一方で、条件別レーダーチャート図に示すように、NASA-TLXの各項目のうち「身体的要求」でのみ有意差が見られ、腹圧操作がより身体を使うインタフェースであることが確認されました。
このことから、身体的負担はやや増加するものの、知的負荷や集中度への影響は従来操作と同程度の従来の操作感を保ちつつ、身体入力を取り入れることができるのではないかと考えました。
また、主観評価アンケートでは「腹圧でのツール切替を直感的に操作できたか」や「腹圧を意識するようになったか」といった項目で高い評価が得られ、腹圧入力が操作として受け入れられやすいことが示されました。一方で、腹圧入力による集中力の向上は見られなかったことから、今後のUI設計では作業への没入感を損なわない仕組みやフィードバックの改善が必要であると考えられます。さらに、長期的な運用実験を実施し、腹圧入力を含む身体動作が体幹筋群の活動や姿勢保持に与える影響に対する検証も行っていきたいと考えています。
発表スライドと論文情報
感想
今回たくさんの方のサポートのおかげで無事に終えることができました。研究聴講では、著名な先生方や研究員の方、優秀な学生さんの研究のお話を直接聞くことができて、自分にとって非常に刺激のある時間でした。
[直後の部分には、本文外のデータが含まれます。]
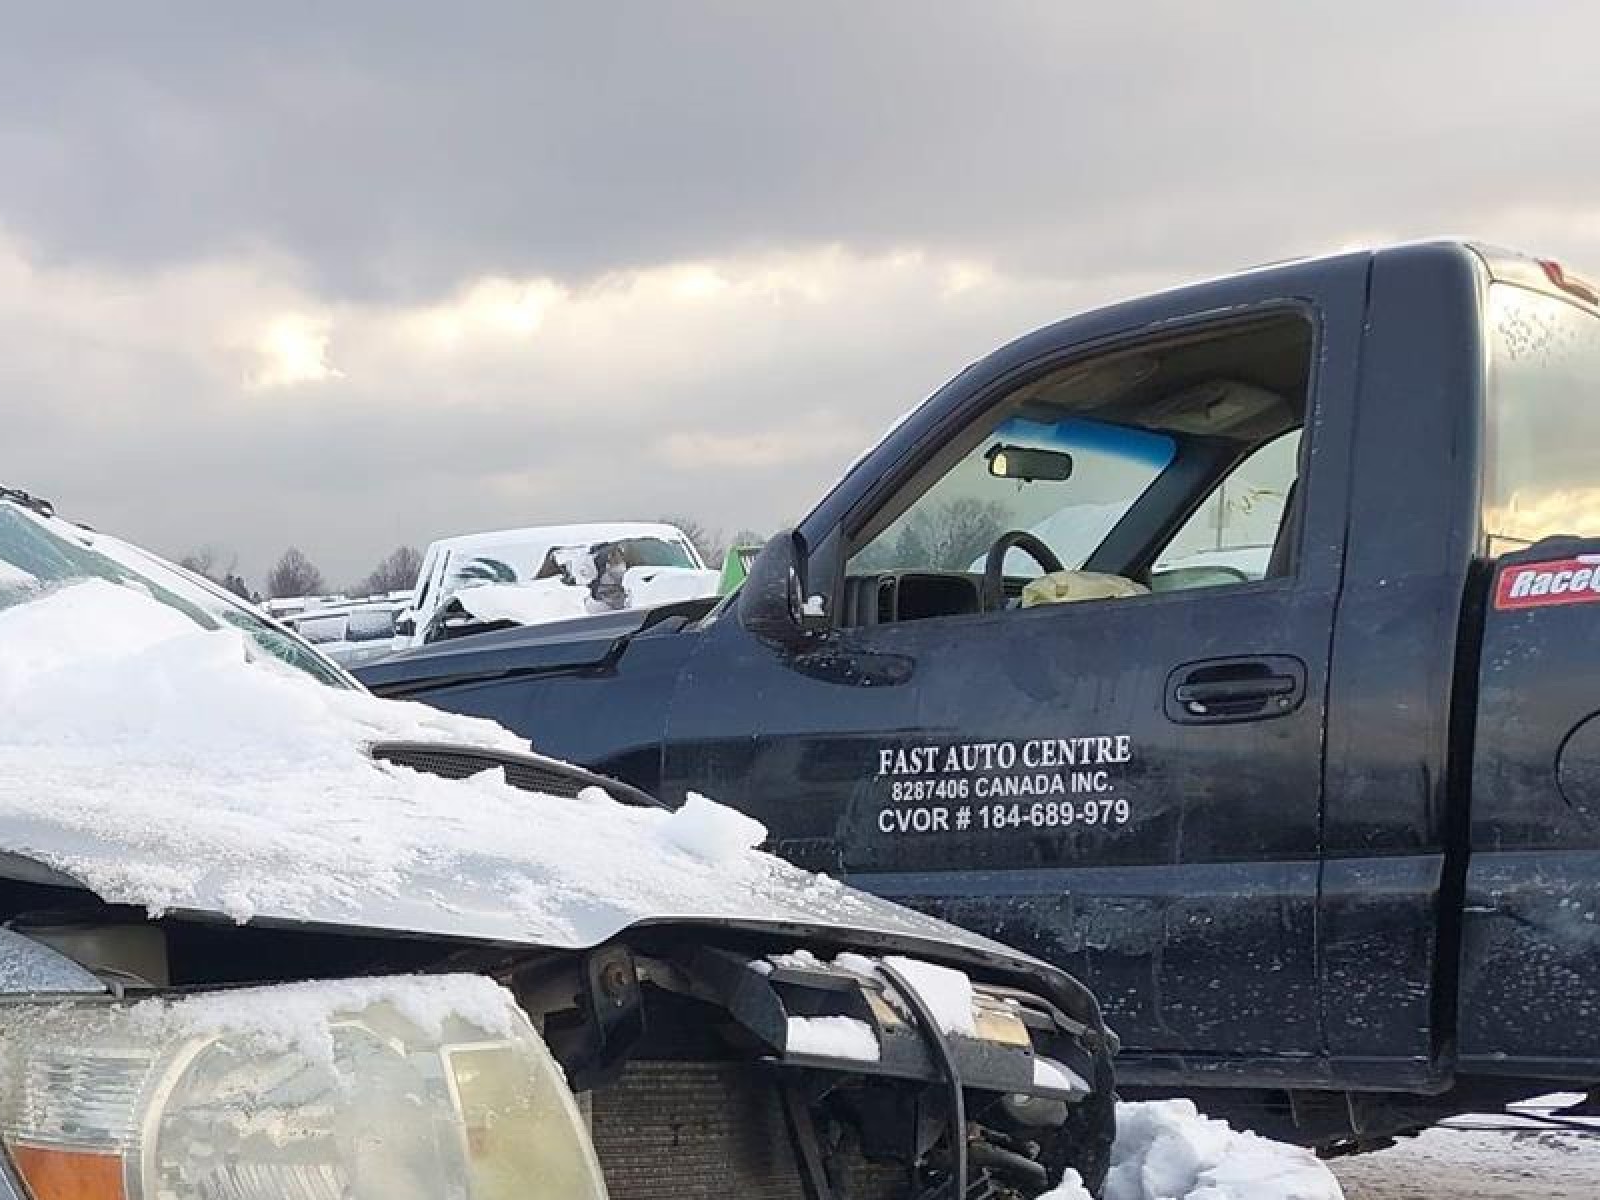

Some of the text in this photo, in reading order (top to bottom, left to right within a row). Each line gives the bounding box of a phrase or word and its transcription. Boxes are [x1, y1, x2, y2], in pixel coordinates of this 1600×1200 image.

[878, 735, 1132, 776] FAST AUTO CENTRE
[891, 770, 1115, 802] 8287406 CANADA INC.
[877, 799, 1130, 833] CVOR # 184-689-979
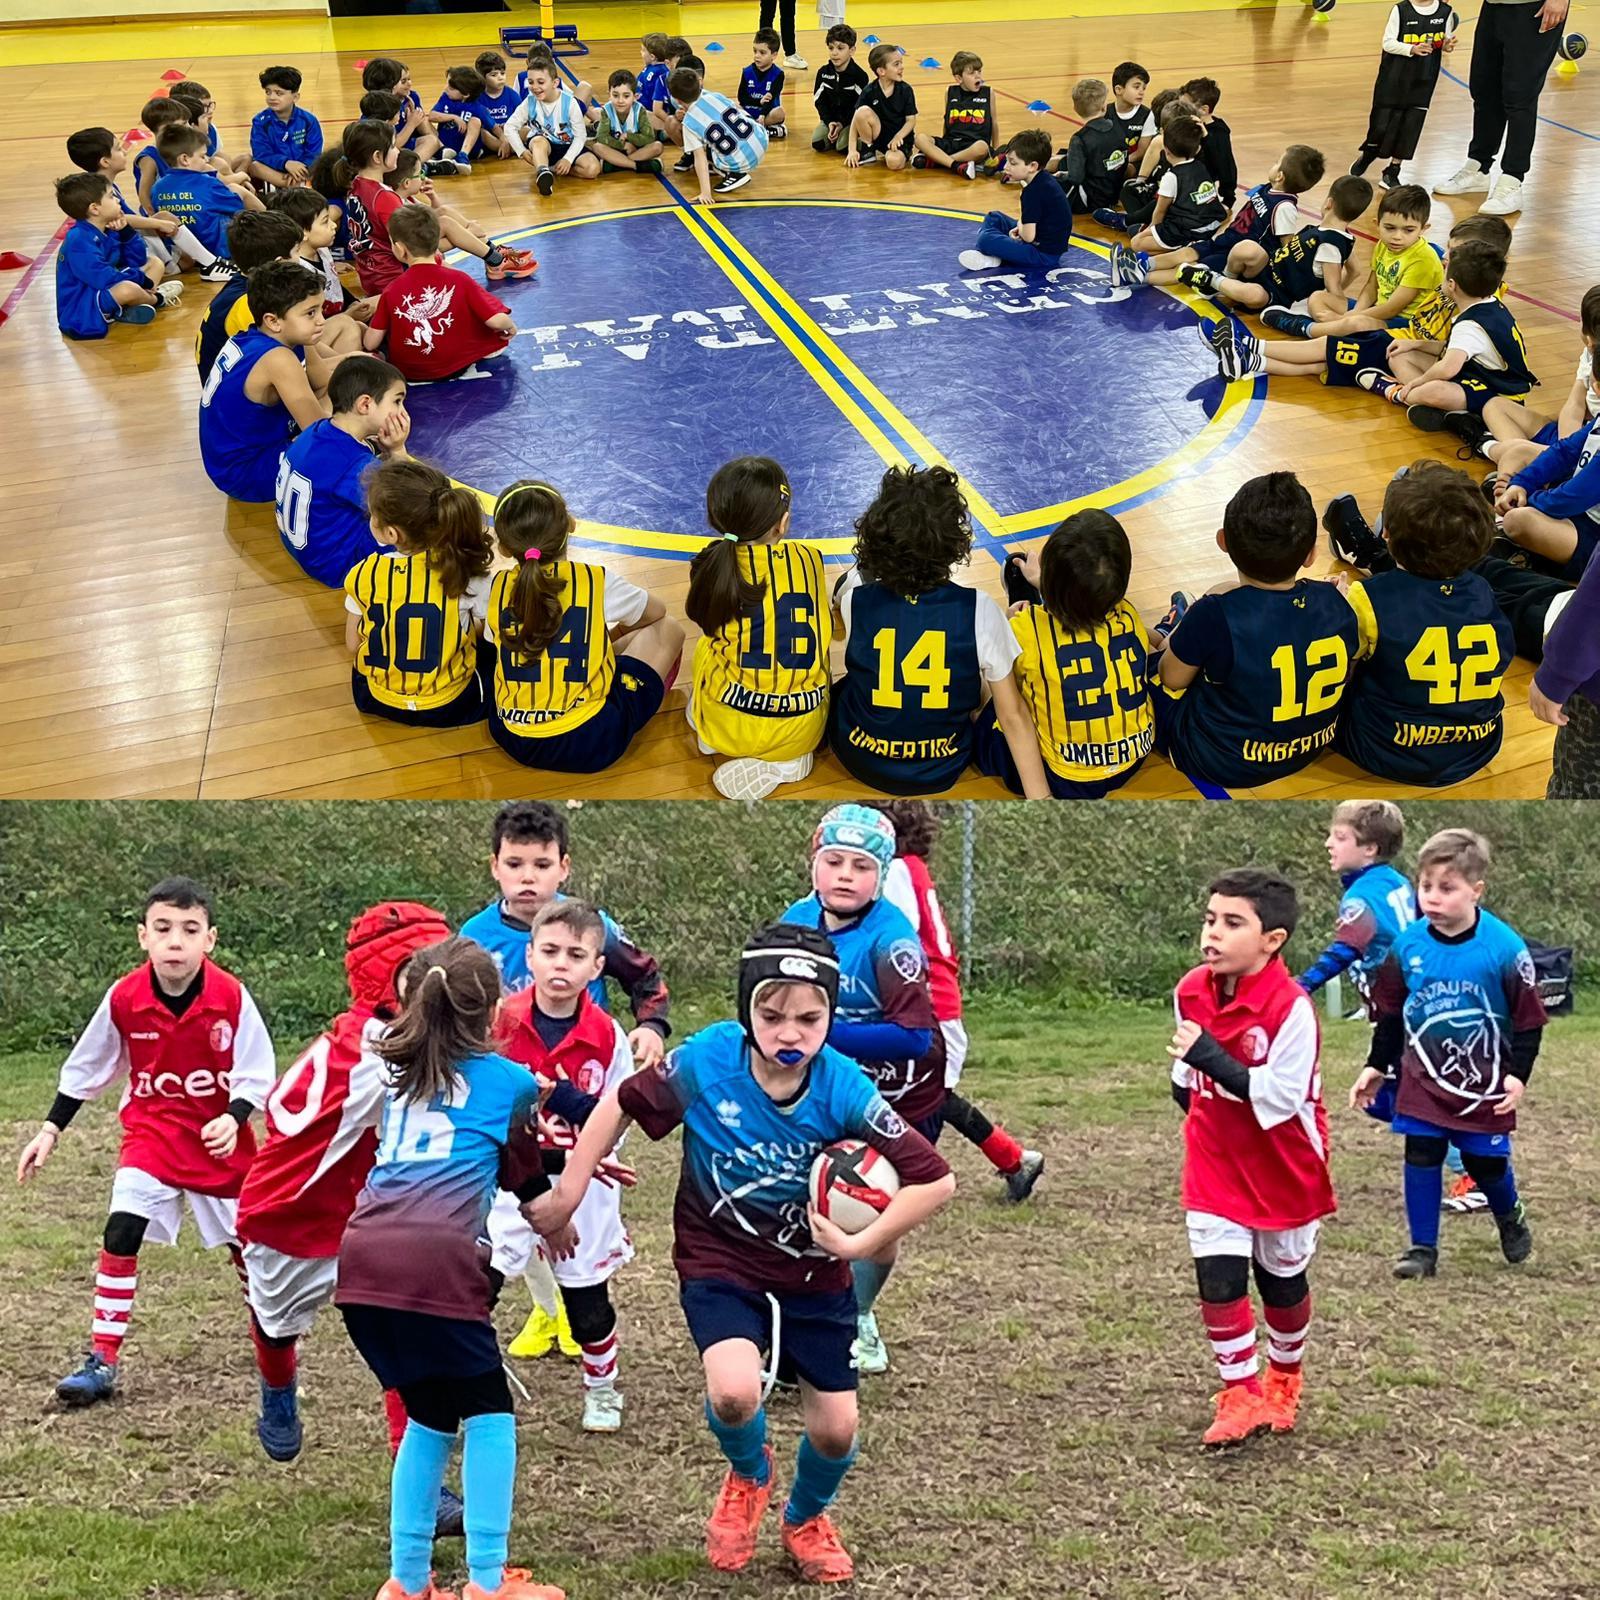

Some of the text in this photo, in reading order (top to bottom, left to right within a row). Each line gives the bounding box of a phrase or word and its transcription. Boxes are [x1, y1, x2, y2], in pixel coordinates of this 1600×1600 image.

[704, 107, 754, 155] 86
[158, 192, 194, 201] CASA DEL
[826, 303, 920, 320] COFFEE
[952, 291, 1011, 305] FOOD
[532, 331, 670, 353] COCKTAIL
[705, 320, 757, 335] BAR
[1335, 340, 1360, 366] 19
[364, 602, 443, 674] 10
[740, 592, 817, 669] 16
[872, 627, 951, 709] 14
[1056, 631, 1148, 721] 23
[1270, 634, 1348, 722] 12
[1404, 623, 1503, 704] 42
また、学会前には神戸周辺の南京町や港付近の水族館を散策しました。普段とは違った街並みで充実した時間を過ごすことができました。滞在時間の関係で淡路島内での観光ができなかったため、次回は淡路島ならではの観光地にも訪れたいと思います。
最後になりますが、実験準備から論文のチェック、発表練習などで支えてくださった先輩方、中村先生に心から感謝申し上げます。ありがとうございました。